The door opened, and we were ushered through. It seemed so surreal that we were about to come face-to-face with one of the most famous actors in the world, instantly recognizable by his voice, his iconic fashion choices and his big round ears.
“Mickey!” Evan said as the final bouncer waved us in to see the great rodent.
It was our family’s first visit to Disney World, the place where dreams come true, especially if it’s your dream to pay five dollars for a hot dog.
We’d come to Orlando for a wedding, and found that it’s impossible to stand that close to the center of the children’s entertainment universe without being caught in its pull. Once we landed in Florida with car seats stacked on our luggage then stacked on our strollers, we could almost feel the little four-fingered, white-gloved hands reaching out to grab our children, who were presumably under that pile of luggage somewhere.
Which isn’t to say that our trip to the Magic Kingdom happened spontaneously. Lunar landings have been conducted with less planning.
“Once we hit Small World, we should grab a FastPass to Peter Pan before heading to the Many Adventures of Winnie the Pooh,” Kara said in the months leading up to the trip, laptop open, guide book propped on the keyboard, crazy handwritten scribblings falling onto the floor.

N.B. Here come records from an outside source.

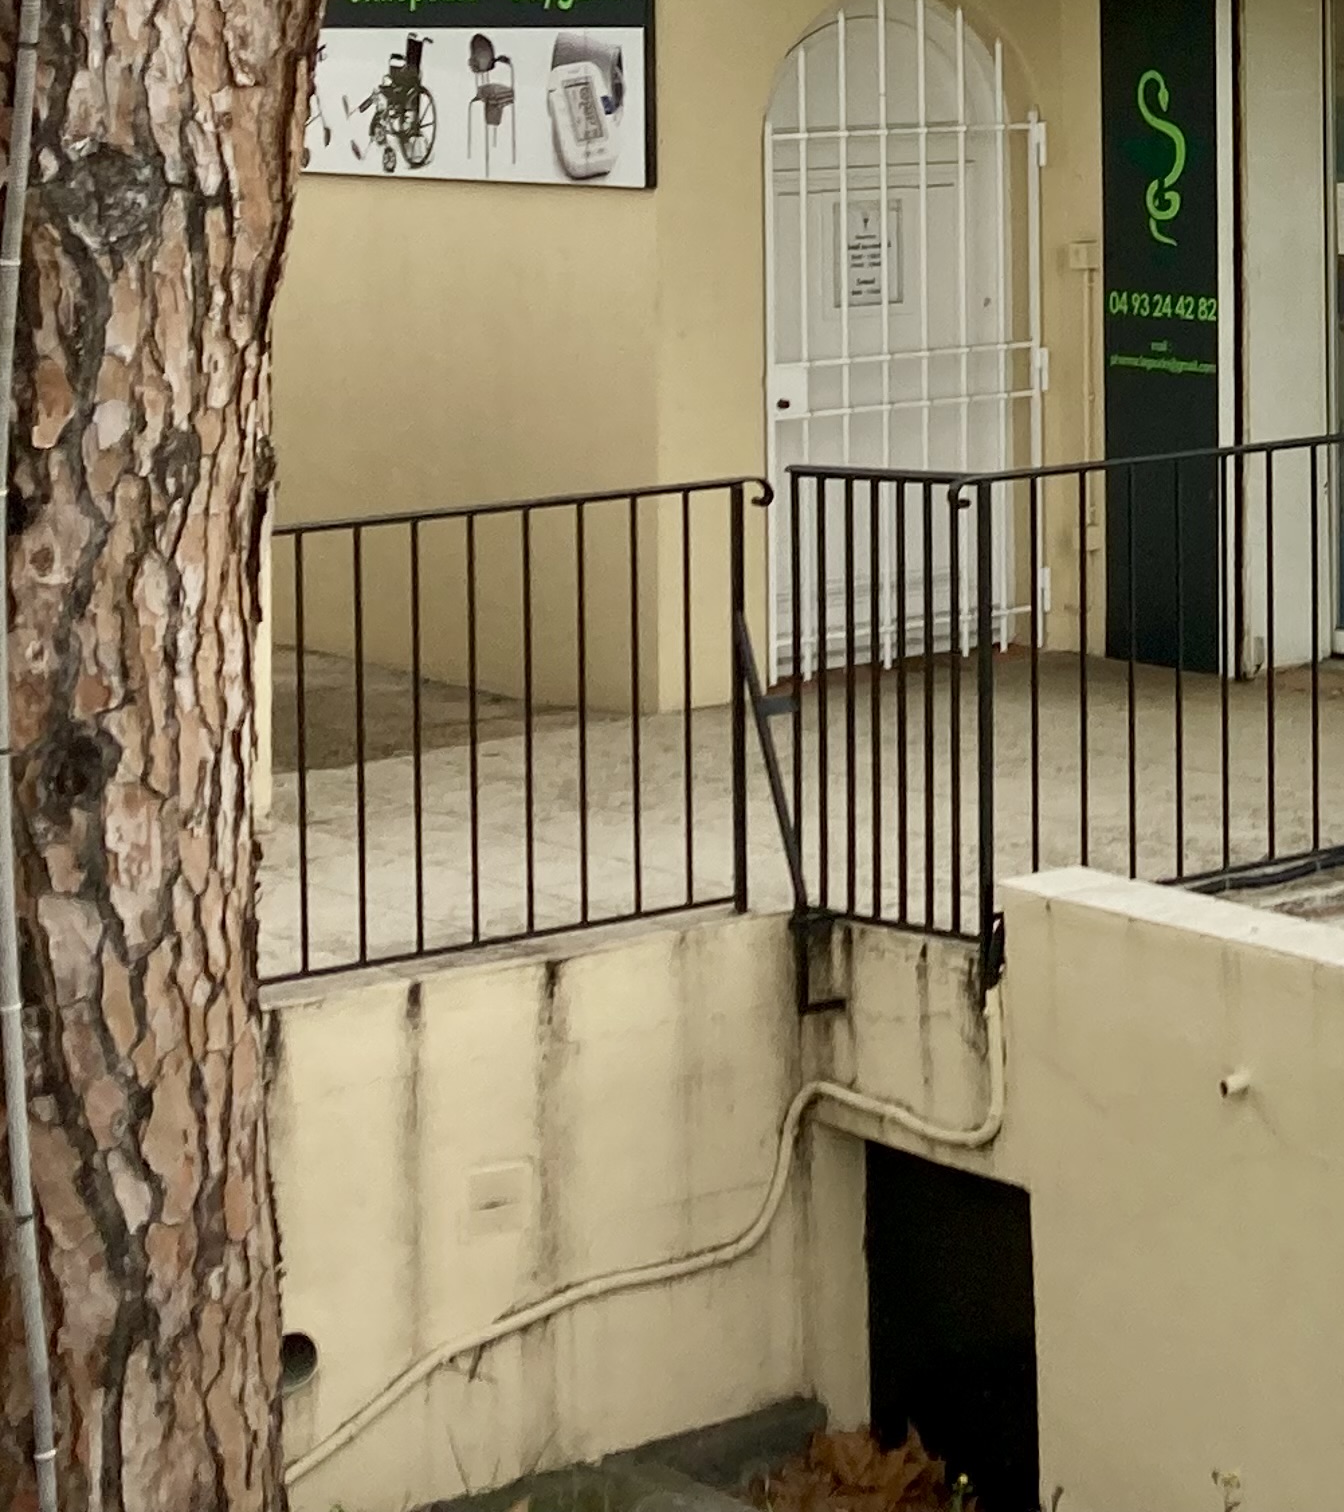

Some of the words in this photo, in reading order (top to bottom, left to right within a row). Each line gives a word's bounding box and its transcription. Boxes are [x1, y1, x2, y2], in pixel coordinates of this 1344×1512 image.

[1109, 291, 1129, 315] 04
[1131, 292, 1150, 317] 93
[1152, 294, 1172, 318] 24
[1175, 295, 1195, 320] 42
[1197, 297, 1217, 321] 82

I would nod in agreement as if I understood, because that hardly ever gets me in trouble. But if I ever took her plan-every-moment style of vacation organizing for granted, I stopped once I saw how much she should be charging for that service.
“Our team of vacation planning professionals customizes your vacation so you can spend your time playing, not planning,” the Disney website says. All for the low, low (did we mention low?) nominal fee of $300 per hour, plus park admission, minimum six hours.

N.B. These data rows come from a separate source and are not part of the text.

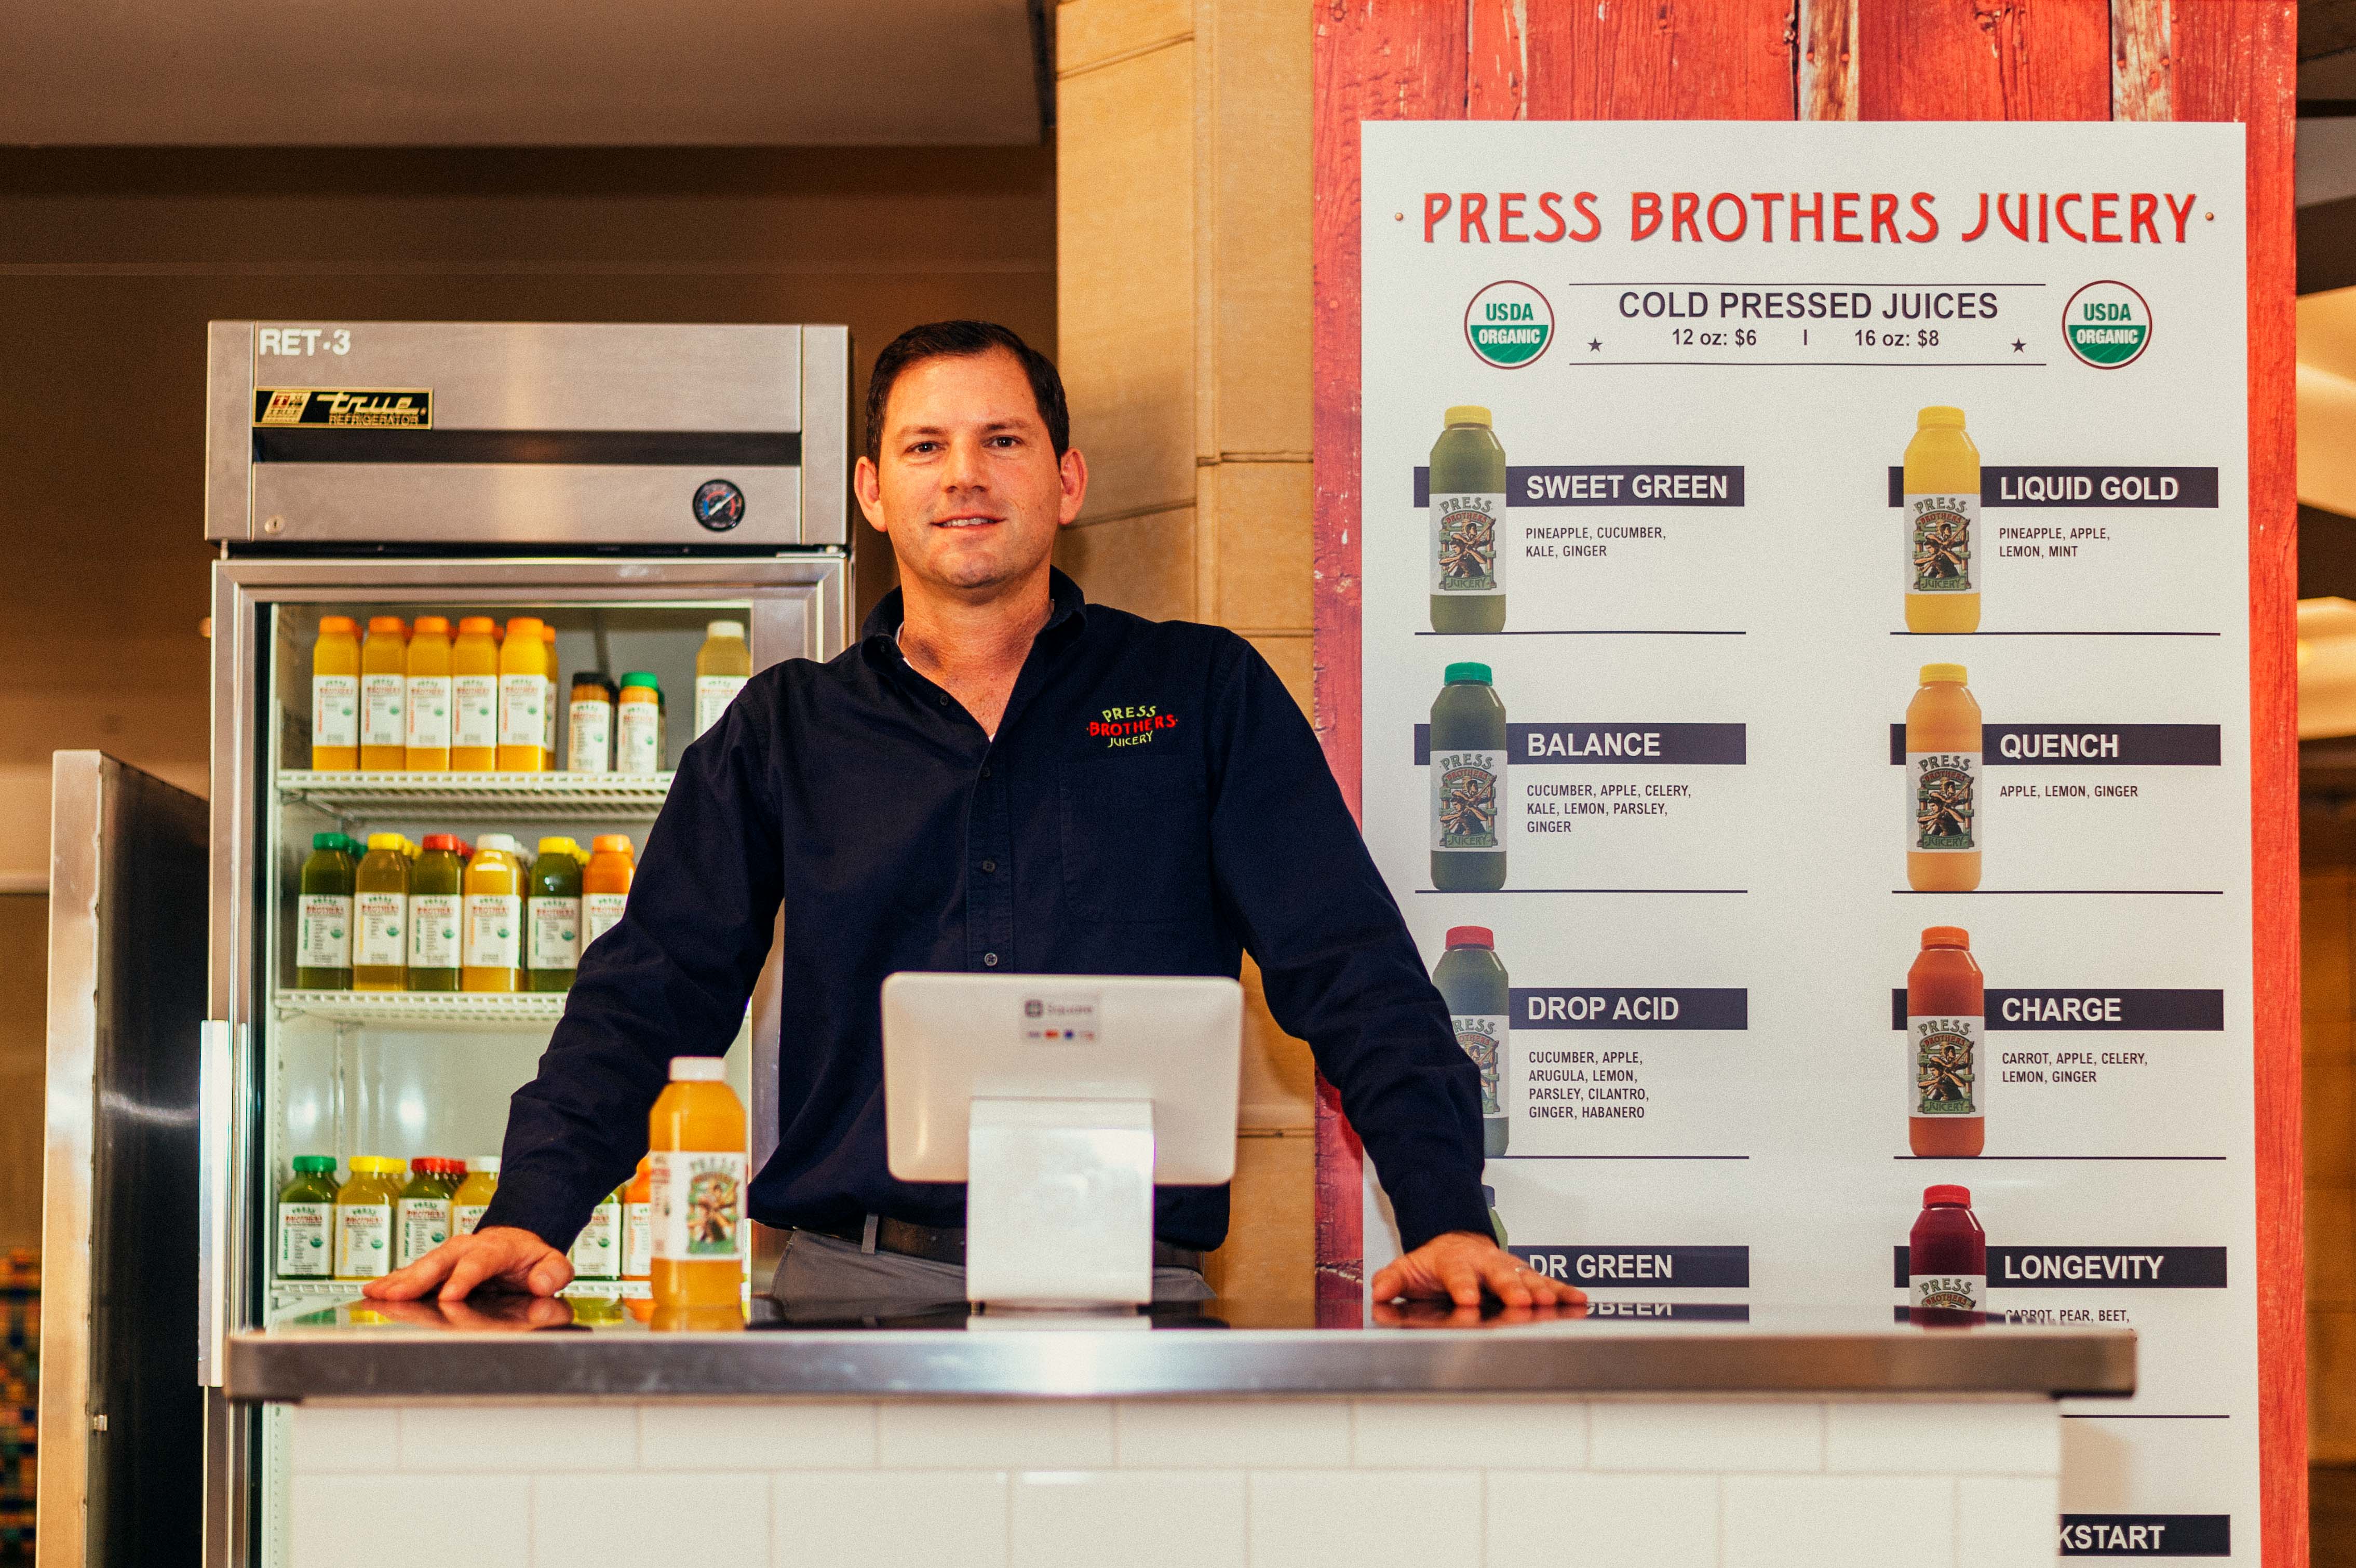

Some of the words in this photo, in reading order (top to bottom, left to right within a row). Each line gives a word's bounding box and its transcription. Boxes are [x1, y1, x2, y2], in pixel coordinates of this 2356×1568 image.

[1423, 191, 1601, 244] PRESS
[1630, 191, 1938, 244] BROTHERS
[1961, 192, 2196, 244] JUICERY
[1486, 303, 1534, 321] USDA
[1619, 291, 1708, 318] COLD
[1720, 292, 1872, 319] PRESSED
[1882, 292, 1998, 319] JUICES
[2083, 303, 2132, 321] USDA
[1478, 328, 1541, 344] ORGANIC
[1672, 328, 1693, 345] 12
[1700, 331, 1728, 345] oz:
[1734, 328, 1757, 346] $6
[1854, 330, 1876, 346] 16
[1882, 333, 1910, 347] oz:
[1918, 329, 1940, 348] $8
[2076, 328, 2139, 345] ORGANIC
[329, 414, 419, 426] REFRIGERATOR
[1526, 474, 1624, 499] SWEET
[1632, 474, 1727, 499] GREEN
[2000, 476, 2093, 502] LIQUID
[2100, 476, 2179, 501] GOLD
[1439, 497, 1492, 513] PRESS
[1914, 497, 1967, 514] PRESS
[1446, 512, 1487, 524] BROTHERS
[1920, 512, 1962, 524] BROTHERS
[1526, 528, 1593, 540] PINEAPPLE,
[1597, 526, 1666, 540] CUCUMBER,
[1999, 528, 2066, 540] PINEAPPLE,
[2070, 528, 2110, 540] APPLE,
[1526, 545, 1558, 559] KALE,
[1563, 545, 1607, 557] GINGER
[1999, 546, 2044, 559] LEMON,
[2049, 546, 2078, 557] MINT
[1448, 577, 1486, 589] JUICERY
[1923, 577, 1961, 589] JUICERY
[1102, 705, 1156, 723] PRESS
[1089, 714, 1177, 737] BROTHERS
[1107, 729, 1154, 748] JUICERY
[1527, 733, 1661, 756] BALANCE
[2000, 733, 2119, 759] QUENCH
[1440, 753, 1493, 771] PRESS
[1918, 755, 1971, 772] PRESS
[1446, 769, 1488, 781] BROTHERS
[1924, 770, 1965, 782] BROTHERS
[1526, 785, 1597, 799] CUCUMBER,
[1600, 785, 1641, 798] APPLE,
[1645, 784, 1691, 798] CELERY,
[2000, 785, 2041, 799] APPLE,
[2045, 785, 2090, 799] LEMON,
[2094, 785, 2138, 797] GINGER
[1527, 803, 1559, 817] KALE,
[1564, 803, 1609, 817] LEMON,
[1613, 803, 1667, 817] PARSLEY,
[1527, 821, 1572, 833] GINGER
[1450, 834, 1487, 846] JUICERY
[1927, 836, 1963, 848] JUICERY
[1528, 996, 1607, 1021] DROP
[1612, 996, 1679, 1021] ACID
[2001, 997, 2122, 1022] CHARGE
[1453, 1018, 1495, 1035] RESS
[1917, 1019, 1970, 1036] PRESS
[1459, 1034, 1490, 1045] OTHERS
[1924, 1034, 1965, 1047] BROTHERS
[1528, 1051, 1598, 1065] CUCUMBER,
[1602, 1051, 1643, 1064] APPLE,
[2002, 1052, 2052, 1066] CARROT,
[2056, 1052, 2097, 1066] APPLE,
[2101, 1052, 2148, 1066] CELERY,
[1528, 1070, 1588, 1083] ARUGULA,
[1592, 1070, 1637, 1083] LEMON,
[2002, 1071, 2048, 1085] LEMON,
[2052, 1071, 2097, 1083] GINGER
[1528, 1088, 1584, 1102] PARSLEY,
[1588, 1088, 1649, 1102] CILANTRO,
[1529, 1106, 1577, 1120] GINGER,
[1582, 1106, 1645, 1118] HABANERO
[1927, 1100, 1965, 1112] JUICERY
[1529, 1254, 1568, 1278] DR
[1576, 1254, 1673, 1279] GREEN
[2004, 1254, 2164, 1280] LONGEVITY
[1919, 1278, 1972, 1295] PRESS
[1926, 1293, 1967, 1306] BROTHERS
[2060, 1309, 2094, 1323] PEAR,
[2098, 1309, 2130, 1323] BEET,
[2058, 1525, 2165, 1549] KSTART

Whatever line of business you might be in, it is the wrong one. The world has people in it that will pay $300 an hour for someone to tell them which rides to sit on at an amusement park. How this is true, I have no idea. For that kind of dough, you should really be having the kind of fun that would cost you your Senate seat.
But knowing that you have the option to pay $300 an hour to not stand in line sure made me feel a whole lot better about standing in line. Oh, and we stood in line.

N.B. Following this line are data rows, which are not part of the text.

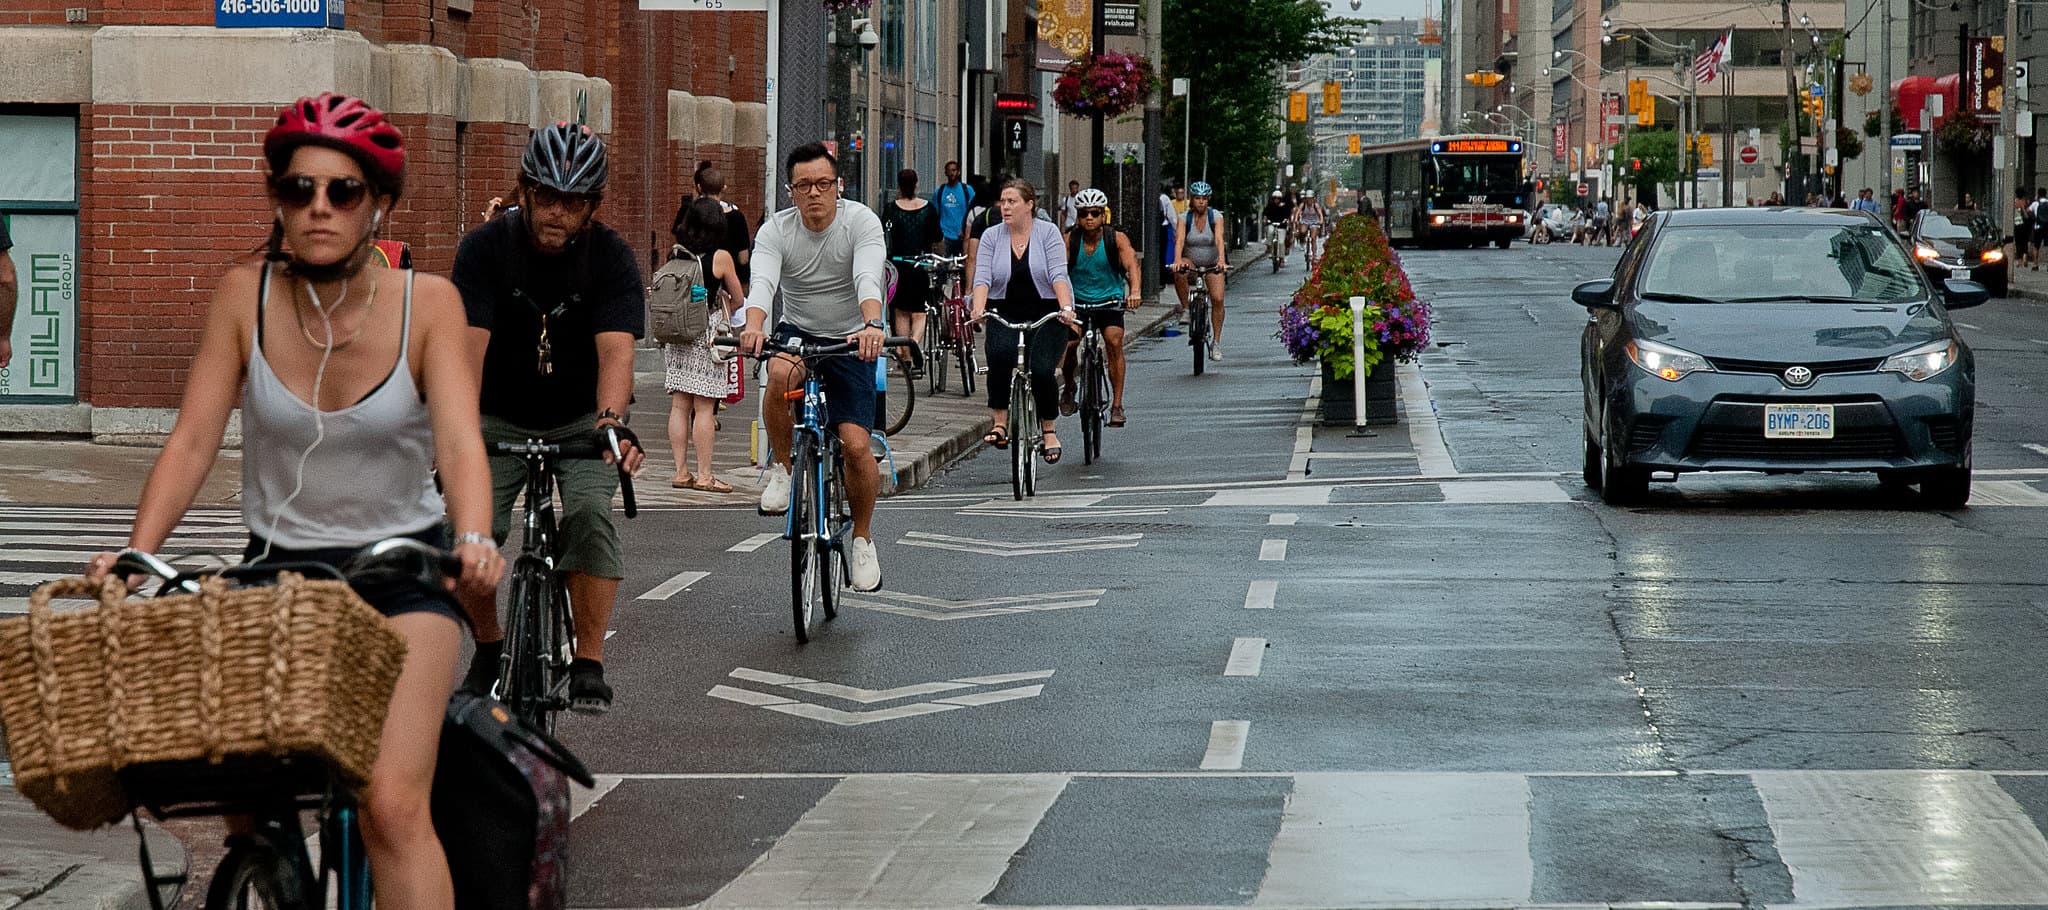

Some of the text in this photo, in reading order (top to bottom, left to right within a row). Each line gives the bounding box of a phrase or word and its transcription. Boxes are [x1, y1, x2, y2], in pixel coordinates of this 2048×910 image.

[220, 0, 320, 14] 416-506-1000
[1973, 42, 1983, 110] entertainment
[1013, 121, 1022, 149] ATM
[1556, 125, 1564, 151] LEASE
[62, 254, 72, 300] GROUP
[30, 254, 60, 387] GILLAM
[0, 368, 10, 397] GRO
[728, 357, 739, 395] Root
[1768, 413, 1830, 430] BYMP 206

During one part of the trip, we waited in a serpentine line to meet “the real” Buzz Lightyear, with our seventh-month-old wriggling in my arms and yanking the hair of nearby women, while his older brother slalomed between the legs of weary parents.
I looked at my watch and smiled. “We just saved $300,” I said.
I’d arrived in Orlando with my cynicism firmly in place, thinking of Disney solely as a place where families go to be parted from their money. And it is that, but it is also a highly efficient fun-delivering, memory-making machine. That place knows what it’s doing.
After Evan smiled for some starstruck pictures and high-fived a silent Mickey, he walked out of the room staring at the mouse’s signature in his notepad, his new greatest treasure.
“I met Mickey Mouse,” he said, awed. Suddenly, all the money we’d spent seemed like a bargain.
As it turns out, the fastest way to a parent’s wallet is through their heart.